Complainants argue that the disputed domain name is at least confusingly similar to the GENPACT trademark because: (1) the disputed domain name incorporates the GENPACT trademark in its entirety and (2) the country name “India” does not add distinctiveness to the disputed domain name and does not avoid the confusing similarity.

Complainants further suggest that Respondent has no rights or legitimate interests in respect of the disputed domain name because (1) the GENPACT trademark is a coined and fanciful term having no denotative meaning, and hence has all the trappings of an invented word and (2) the registration of the disputed domain name of March 29, 2006 is subsequent to the date of adoption of the GENPACT trademark by Complainant No. 1 since 2005 and (3) there is not even a single instance where Respondent has made a bona fide offering of goods/services under the GENPACT trademark but rather is using the disputed domain name purely to profit from squatting on the same by means of redirection to a PPC website.

Finally, Complainants claim that the disputed domain name was registered and is being used in bad faith since Respondent has intentionally attempted to attract for commercial gain, Internet users to the website at “www.genpactindia.com”, by creating a likelihood of confusion among Internet users that Respondent has some association with Complainants. According to Complainants’ allegations, the fact that Respondent has parked the disputed domain name adduces that it was primarily acquired to unlawfully gain from such sponsored listings. Complainants also stress that Respondent has hidden his true contact information behind a privacy service to avoid any legal action by concealing his true identity.

Complainants have requested that English be the language of proceedings because (1) Respondent obviously is familiar with the English language since he registered the disputed domain name consisting of Complainants’ GENPACT trademark and the English word “india” while at the same time the disputed domain name redirects to an English speaking website and (2) Complainants themselves are not familiar with a language other than English and it would cause Complainants extreme hardship and excessive expenditure to submit all documents in some other language.

B. Respondent

Respondent did not reply to Complainants contentions.

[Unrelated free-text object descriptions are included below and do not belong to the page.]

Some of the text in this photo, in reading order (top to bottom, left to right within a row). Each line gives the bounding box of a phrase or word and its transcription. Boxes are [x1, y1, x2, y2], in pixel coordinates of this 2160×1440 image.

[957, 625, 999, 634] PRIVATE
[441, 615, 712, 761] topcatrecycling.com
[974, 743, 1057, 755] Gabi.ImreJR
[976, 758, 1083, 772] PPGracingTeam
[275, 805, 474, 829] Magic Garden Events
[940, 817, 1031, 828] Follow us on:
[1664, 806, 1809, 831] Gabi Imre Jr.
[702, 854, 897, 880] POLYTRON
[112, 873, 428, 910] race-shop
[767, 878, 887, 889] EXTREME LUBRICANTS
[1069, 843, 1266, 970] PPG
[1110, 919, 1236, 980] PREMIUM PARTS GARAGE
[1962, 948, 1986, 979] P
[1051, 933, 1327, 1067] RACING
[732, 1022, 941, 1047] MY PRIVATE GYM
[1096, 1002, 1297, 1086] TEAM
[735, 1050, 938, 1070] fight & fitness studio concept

6. Discussion and Findings

Under paragraph 4(a) of the Policy, Complainants carry the burden of proving:

(i) That the disputed domain name is identical or confusingly similar to a trademark or service mark in which Complainants have rights; and

(ii) That Respondent has no rights or legitimate interests in respect of the disputed domain name; and

(iii) That the disputed domain name has been registered and is being used in bad faith.

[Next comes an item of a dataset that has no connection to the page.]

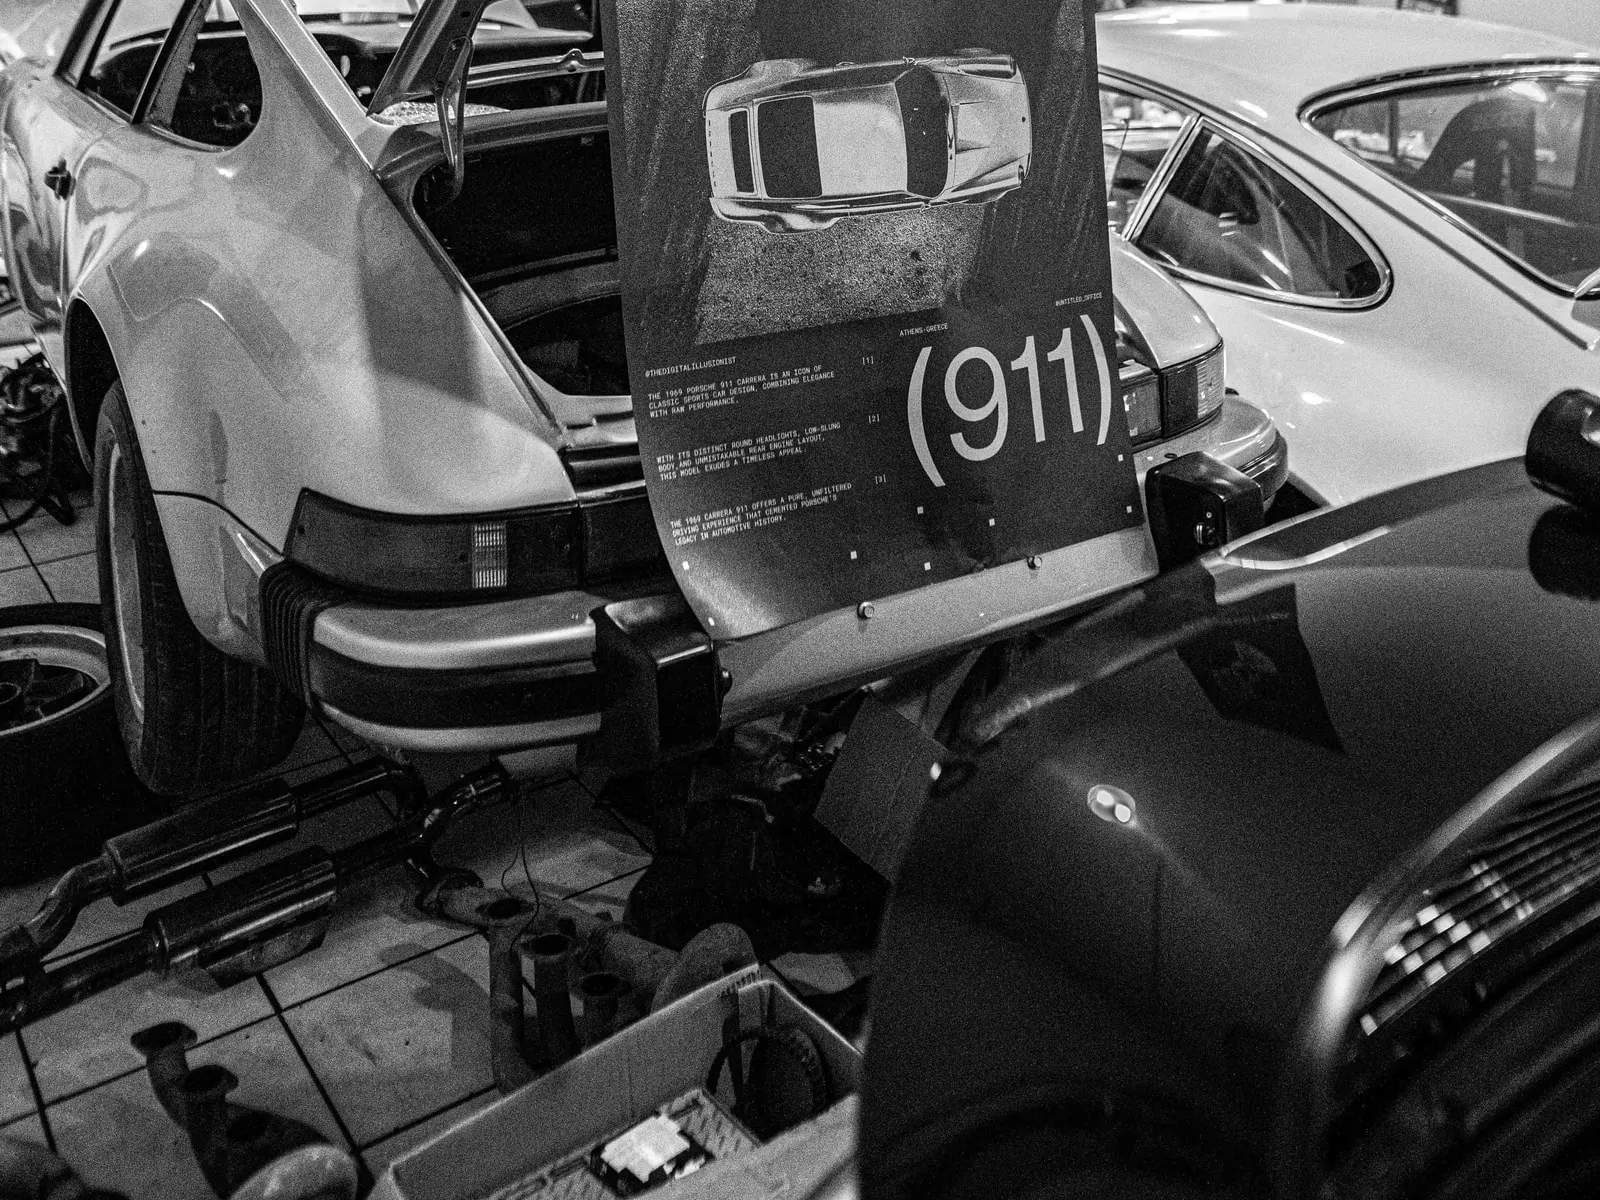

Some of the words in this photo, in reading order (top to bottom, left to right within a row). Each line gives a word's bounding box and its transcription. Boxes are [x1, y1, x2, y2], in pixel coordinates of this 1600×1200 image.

Respondent's default in the case at hand does not automatically result in a decision in favor of Complainant, however, paragraph 5(e) of the Rules provides that if Respondent does not submit a response, in the absence of special circumstances, the Panel is to decide the dispute solely based upon the Complaint.

For the following reasons, the Panel accepts Complainants’ request that English be the language of proceedings:

While the Panel is not totally convinced that Complainants – who form part of a worldwide commercially active group of companies – are not familiar with any language other than English, the Panel still takes the view that it is fair and just to both parties to conduct these proceedings in English. This is not only due to the fact that the disputed domain name redirected at some point before filing this Complaint to an English speaking website. Moreover, the Panel notes that Respondent has only recently taken part in a significant number of UDRP proceedings, in the majority of which Respondent had registered English speaking domain names which the respective panels ordered to be transferred upon the respective complainant(s) (e.g., Briggs Medical Service Company Inc. v. Milan Kovac, WIPO Case No. D2011-2193; Comerica Incorporated v. Milan Kovac, WIPO Case No. D2011-0894). This Panel, therefore, has no serious doubts that Respondent is quite familiar with the English language. However, even if this assumption was not true, Respondent has in fact been provided with all necessary communication sent out by the Center both in Slovak and English language, thus would have had a fair and just opportunity to bring any arguments forward why this proceedings should not be led in English, but e.g. in Slovak. Apparently, Respondent was not interested in doing so.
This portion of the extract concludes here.